[Saved data entries]
_ _ _ _ _ _ _
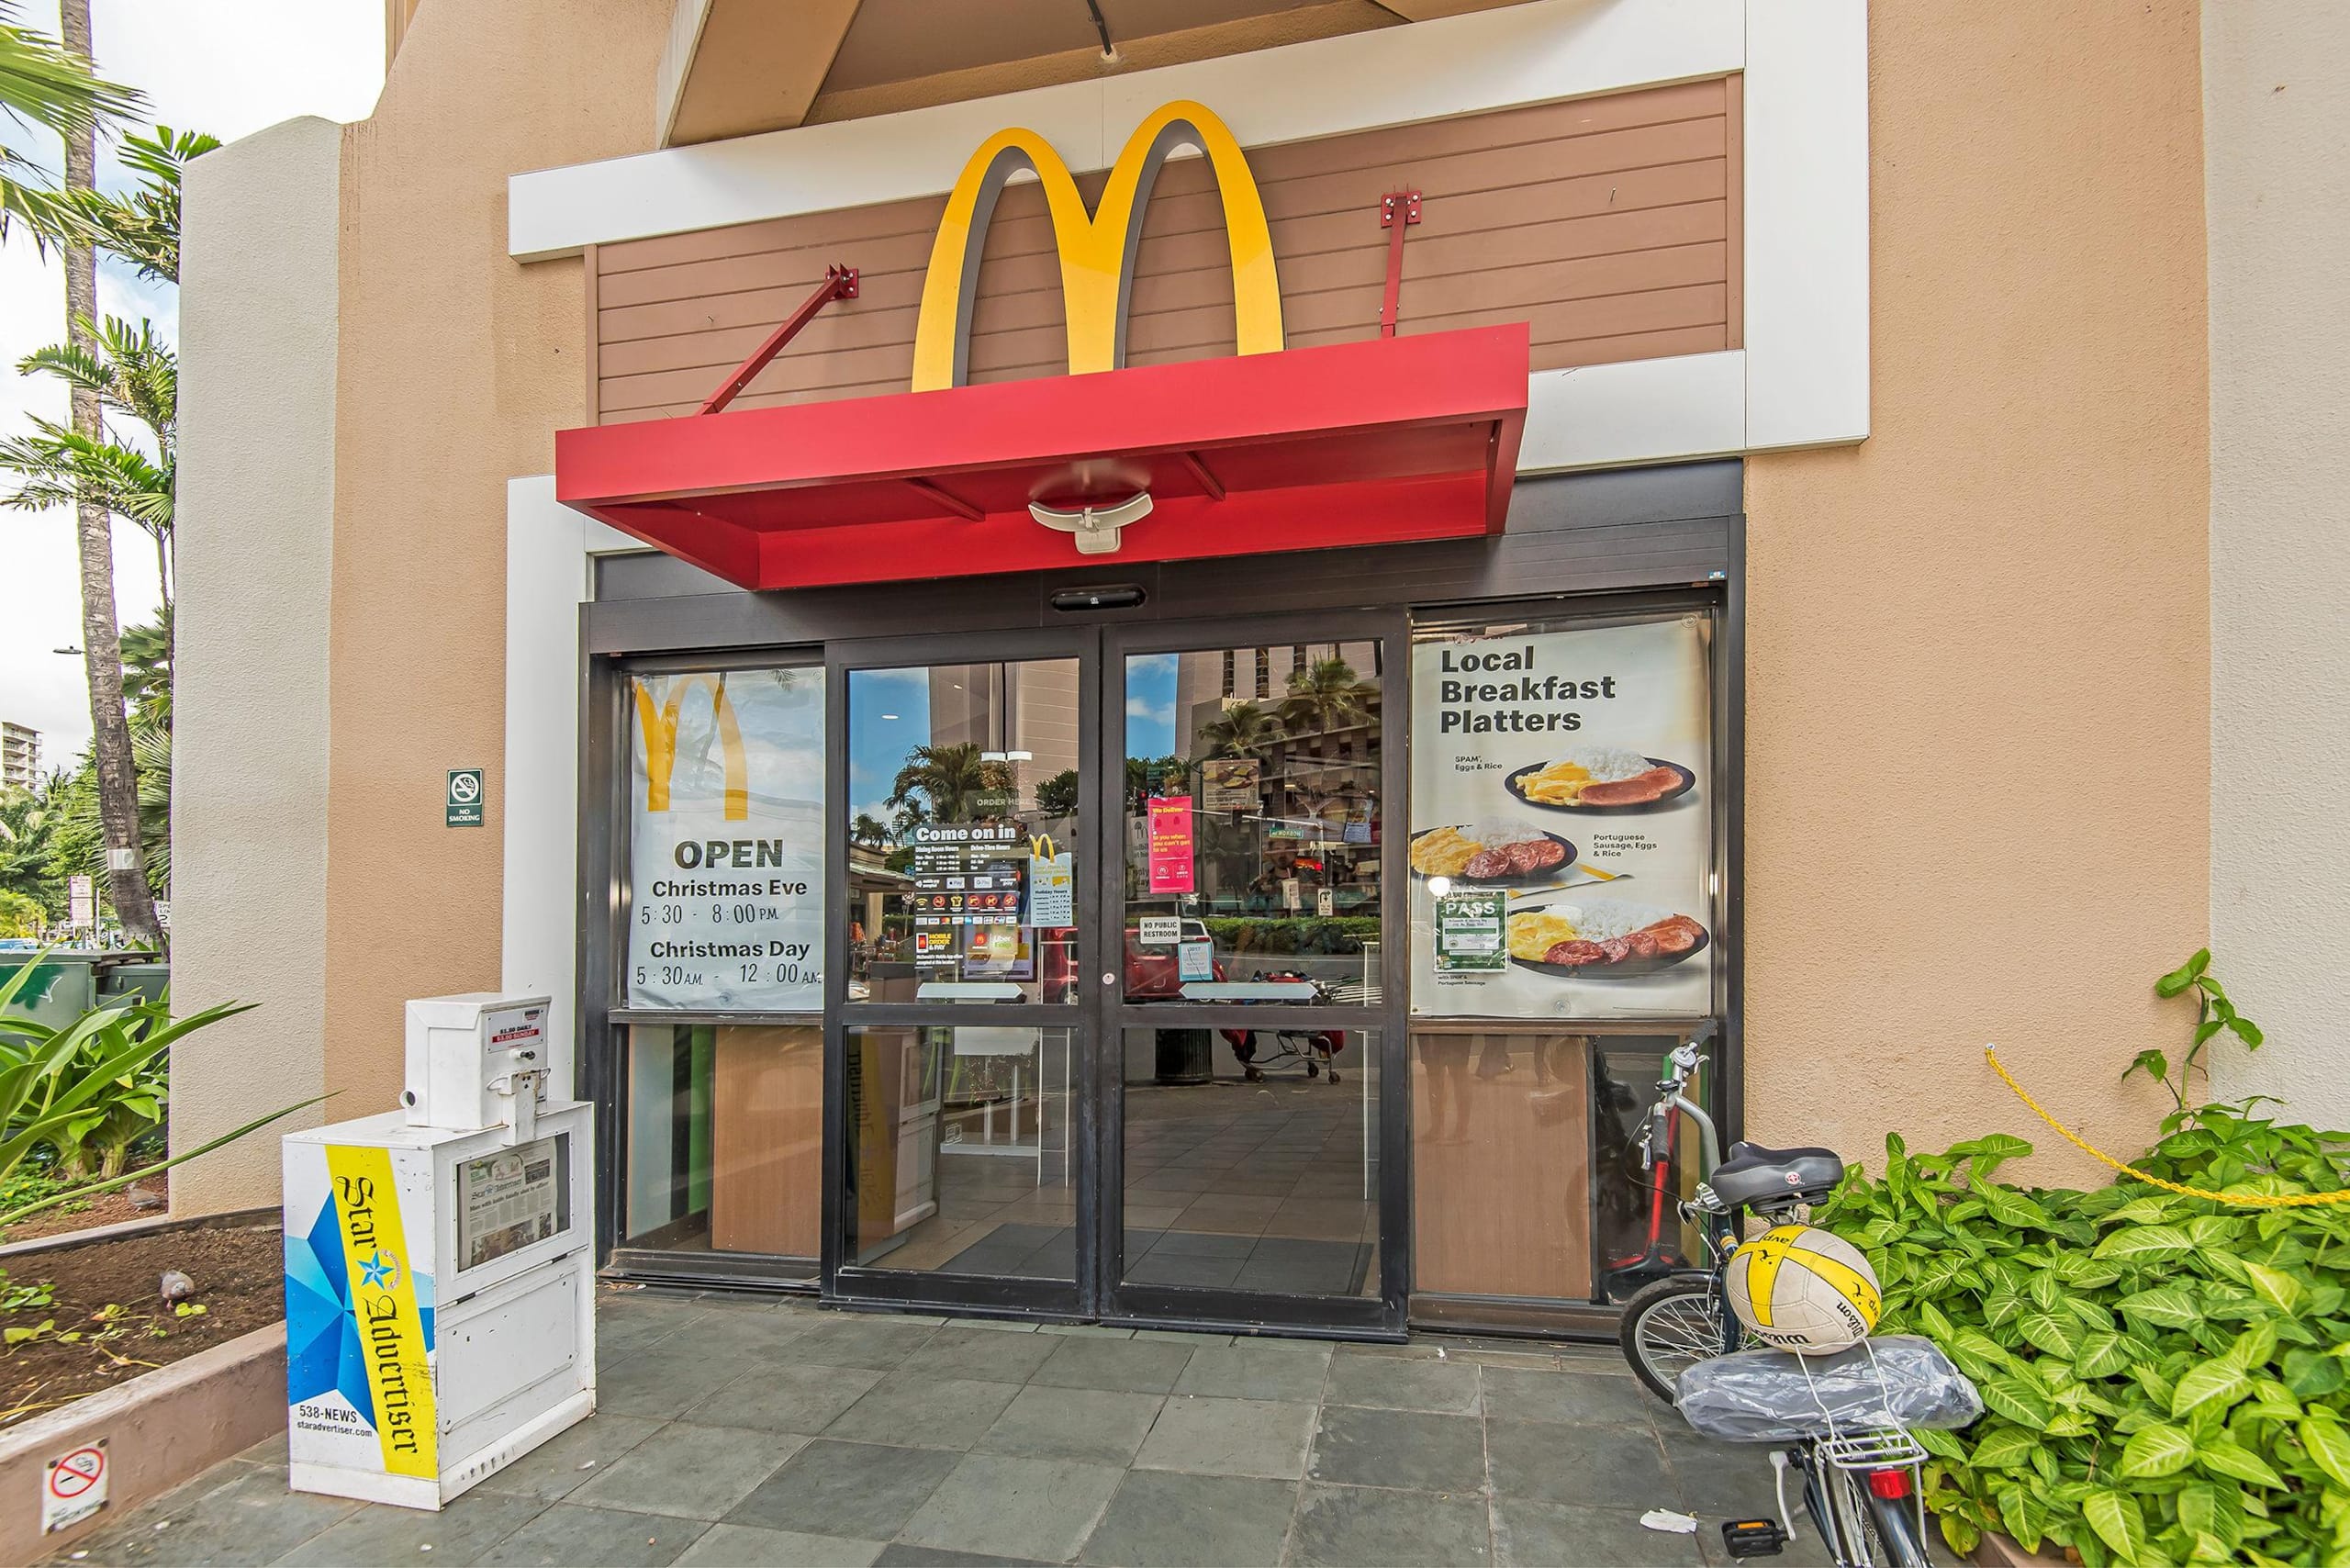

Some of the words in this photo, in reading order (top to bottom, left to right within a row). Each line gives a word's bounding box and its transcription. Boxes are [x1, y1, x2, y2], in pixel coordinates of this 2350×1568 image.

[1441, 645, 1534, 673] Local
[1441, 676, 1616, 703] Breakfast
[1440, 710, 1582, 734] Platters
[1455, 763, 1475, 772] Eggs
[916, 827, 968, 842] Come
[971, 828, 995, 840] on
[998, 823, 1016, 839] in
[1593, 834, 1646, 842] Portuguese
[674, 839, 783, 869] OPEN
[1593, 842, 1634, 850] Sausage,
[1635, 842, 1658, 850] Eggs
[652, 879, 763, 898] Christmas
[769, 879, 808, 895] Eve
[711, 903, 755, 924] 8:00
[1445, 902, 1495, 915] PASS
[1143, 930, 1178, 938] RESTROOM
[650, 940, 764, 958] Christmas
[769, 940, 811, 961] Day
[335, 1175, 377, 1249] Star
[1763, 1234, 1790, 1244] avp
[1836, 1299, 1864, 1338] Wilson
[363, 1294, 419, 1454] Advertiser
[299, 1405, 357, 1423] 538-NEWS
[297, 1420, 373, 1438] staradvertiser.com
_ _ _ _ _ _ _
Problem to work on – Each entry above should be returned exactly as written, minus its pictures.

Solution to the exercise –
Some of the words in this photo, in reading order (top to bottom, left to right within a row). Each line gives a word's bounding box and its transcription. Boxes are [x1, y1, x2, y2], in pixel coordinates of this 2350×1568 image.

[1441, 645, 1534, 673] Local
[1441, 676, 1616, 703] Breakfast
[1440, 710, 1582, 734] Platters
[1455, 763, 1475, 772] Eggs
[916, 827, 968, 842] Come
[971, 828, 995, 840] on
[998, 823, 1016, 839] in
[1593, 834, 1646, 842] Portuguese
[674, 839, 783, 869] OPEN
[1593, 842, 1634, 850] Sausage,
[1635, 842, 1658, 850] Eggs
[652, 879, 763, 898] Christmas
[769, 879, 808, 895] Eve
[711, 903, 755, 924] 8:00
[1445, 902, 1495, 915] PASS
[1143, 930, 1178, 938] RESTROOM
[650, 940, 764, 958] Christmas
[769, 940, 811, 961] Day
[335, 1175, 377, 1249] Star
[1763, 1234, 1790, 1244] avp
[1836, 1299, 1864, 1338] Wilson
[363, 1294, 419, 1454] Advertiser
[299, 1405, 357, 1423] 538-NEWS
[297, 1420, 373, 1438] staradvertiser.com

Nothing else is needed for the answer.